The actual necessary procedure is

  1. Uninstall kernel5.18.11 with --noautoremove
  2. Reboot
  3. Install akmod-nvidia (and nothing else) It will pull in akmods and all the other packages needed to build the drivers, including kernel-devel-matched.

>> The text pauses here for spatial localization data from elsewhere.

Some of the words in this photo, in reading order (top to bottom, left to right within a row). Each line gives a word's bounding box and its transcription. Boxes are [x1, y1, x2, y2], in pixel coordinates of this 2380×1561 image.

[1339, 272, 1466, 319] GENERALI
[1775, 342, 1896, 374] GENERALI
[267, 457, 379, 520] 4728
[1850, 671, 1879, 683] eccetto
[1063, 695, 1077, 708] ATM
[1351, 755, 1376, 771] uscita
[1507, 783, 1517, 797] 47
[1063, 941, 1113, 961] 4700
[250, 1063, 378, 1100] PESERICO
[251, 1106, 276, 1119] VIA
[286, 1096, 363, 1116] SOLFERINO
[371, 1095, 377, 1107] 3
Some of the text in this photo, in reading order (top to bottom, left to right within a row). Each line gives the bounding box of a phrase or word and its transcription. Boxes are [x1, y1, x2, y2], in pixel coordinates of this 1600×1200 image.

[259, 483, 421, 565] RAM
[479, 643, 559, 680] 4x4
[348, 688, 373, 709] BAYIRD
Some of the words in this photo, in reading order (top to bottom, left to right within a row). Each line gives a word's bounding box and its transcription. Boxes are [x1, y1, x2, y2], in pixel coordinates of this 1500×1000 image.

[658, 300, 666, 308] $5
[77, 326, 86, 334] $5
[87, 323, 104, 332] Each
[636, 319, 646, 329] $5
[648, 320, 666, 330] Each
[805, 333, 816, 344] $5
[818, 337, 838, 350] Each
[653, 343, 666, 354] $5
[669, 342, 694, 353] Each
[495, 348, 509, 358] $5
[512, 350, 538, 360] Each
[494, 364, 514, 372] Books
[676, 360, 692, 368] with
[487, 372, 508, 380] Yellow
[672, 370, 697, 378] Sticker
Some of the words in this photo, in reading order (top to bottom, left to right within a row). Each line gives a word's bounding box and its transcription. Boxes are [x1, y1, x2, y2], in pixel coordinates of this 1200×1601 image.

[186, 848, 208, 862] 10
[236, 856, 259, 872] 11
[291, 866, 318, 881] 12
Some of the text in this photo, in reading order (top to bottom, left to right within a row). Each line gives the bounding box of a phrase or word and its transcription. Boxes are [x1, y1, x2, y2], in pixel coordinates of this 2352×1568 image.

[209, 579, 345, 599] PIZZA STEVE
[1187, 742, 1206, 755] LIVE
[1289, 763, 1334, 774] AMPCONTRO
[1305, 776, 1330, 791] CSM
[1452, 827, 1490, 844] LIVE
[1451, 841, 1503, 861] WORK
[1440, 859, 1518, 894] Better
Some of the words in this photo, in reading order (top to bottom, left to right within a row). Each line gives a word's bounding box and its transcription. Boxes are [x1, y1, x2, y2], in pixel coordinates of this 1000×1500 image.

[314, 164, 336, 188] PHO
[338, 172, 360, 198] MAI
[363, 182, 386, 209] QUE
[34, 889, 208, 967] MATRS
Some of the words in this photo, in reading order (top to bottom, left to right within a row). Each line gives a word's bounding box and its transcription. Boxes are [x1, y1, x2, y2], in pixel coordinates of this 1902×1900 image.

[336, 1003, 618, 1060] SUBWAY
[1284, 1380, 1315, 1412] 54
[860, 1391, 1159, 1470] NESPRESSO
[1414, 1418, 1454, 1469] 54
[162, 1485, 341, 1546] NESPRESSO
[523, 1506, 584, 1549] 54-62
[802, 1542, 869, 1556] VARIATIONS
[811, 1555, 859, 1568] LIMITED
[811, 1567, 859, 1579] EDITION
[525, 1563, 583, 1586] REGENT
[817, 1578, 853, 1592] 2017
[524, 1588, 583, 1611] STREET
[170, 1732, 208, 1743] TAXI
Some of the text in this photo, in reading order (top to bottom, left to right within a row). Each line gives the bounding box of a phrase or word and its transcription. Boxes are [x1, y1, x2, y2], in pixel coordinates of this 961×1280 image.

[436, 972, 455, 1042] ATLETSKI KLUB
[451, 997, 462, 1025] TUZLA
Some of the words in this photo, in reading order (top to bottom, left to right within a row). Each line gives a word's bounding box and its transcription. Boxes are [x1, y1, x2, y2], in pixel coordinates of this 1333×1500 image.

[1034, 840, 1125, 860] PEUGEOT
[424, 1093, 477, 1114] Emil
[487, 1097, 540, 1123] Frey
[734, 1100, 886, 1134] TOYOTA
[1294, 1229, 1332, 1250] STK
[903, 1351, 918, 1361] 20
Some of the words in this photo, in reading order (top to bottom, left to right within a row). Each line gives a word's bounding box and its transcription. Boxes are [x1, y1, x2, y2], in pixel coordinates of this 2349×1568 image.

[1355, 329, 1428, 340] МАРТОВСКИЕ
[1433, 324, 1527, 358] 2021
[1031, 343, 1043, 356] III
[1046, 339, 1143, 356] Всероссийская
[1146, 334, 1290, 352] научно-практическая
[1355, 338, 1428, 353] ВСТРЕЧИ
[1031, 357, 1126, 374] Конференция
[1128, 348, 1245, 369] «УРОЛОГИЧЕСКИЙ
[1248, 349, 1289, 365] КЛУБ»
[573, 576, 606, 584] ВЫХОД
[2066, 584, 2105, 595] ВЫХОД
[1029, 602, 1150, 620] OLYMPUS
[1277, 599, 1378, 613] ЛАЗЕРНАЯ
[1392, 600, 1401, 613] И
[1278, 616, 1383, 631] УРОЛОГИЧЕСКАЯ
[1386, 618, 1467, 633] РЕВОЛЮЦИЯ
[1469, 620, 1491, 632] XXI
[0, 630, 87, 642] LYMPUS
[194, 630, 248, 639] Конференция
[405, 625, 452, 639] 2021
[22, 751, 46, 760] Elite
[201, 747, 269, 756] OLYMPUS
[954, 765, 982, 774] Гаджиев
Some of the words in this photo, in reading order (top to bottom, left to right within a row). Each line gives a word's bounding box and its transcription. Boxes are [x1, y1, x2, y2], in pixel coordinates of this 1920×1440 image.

    I noted that you have the below which may be part of your problem. The one from the @@commandline is built by the akmod-nvidia package to match your installed kernel and the other is downloaded from the repo. They may conflict.
 kmod-nvidia                             x86_64     3:515.57-1.fc36         @rpmfusion-nonfree-nvidia-driver       0  
 kmod-nvidia-5.18.11-200.fc36.x86_64     x86_64     3:515.57-1.fc36         @@commandline                         29 M
  1. reboot.

BTW, you probably do not need any of the kernel-debug* packages, so unless you are doing something that is directly related to kernel development where debugging is necessary you could remove all those for all the installed kernels.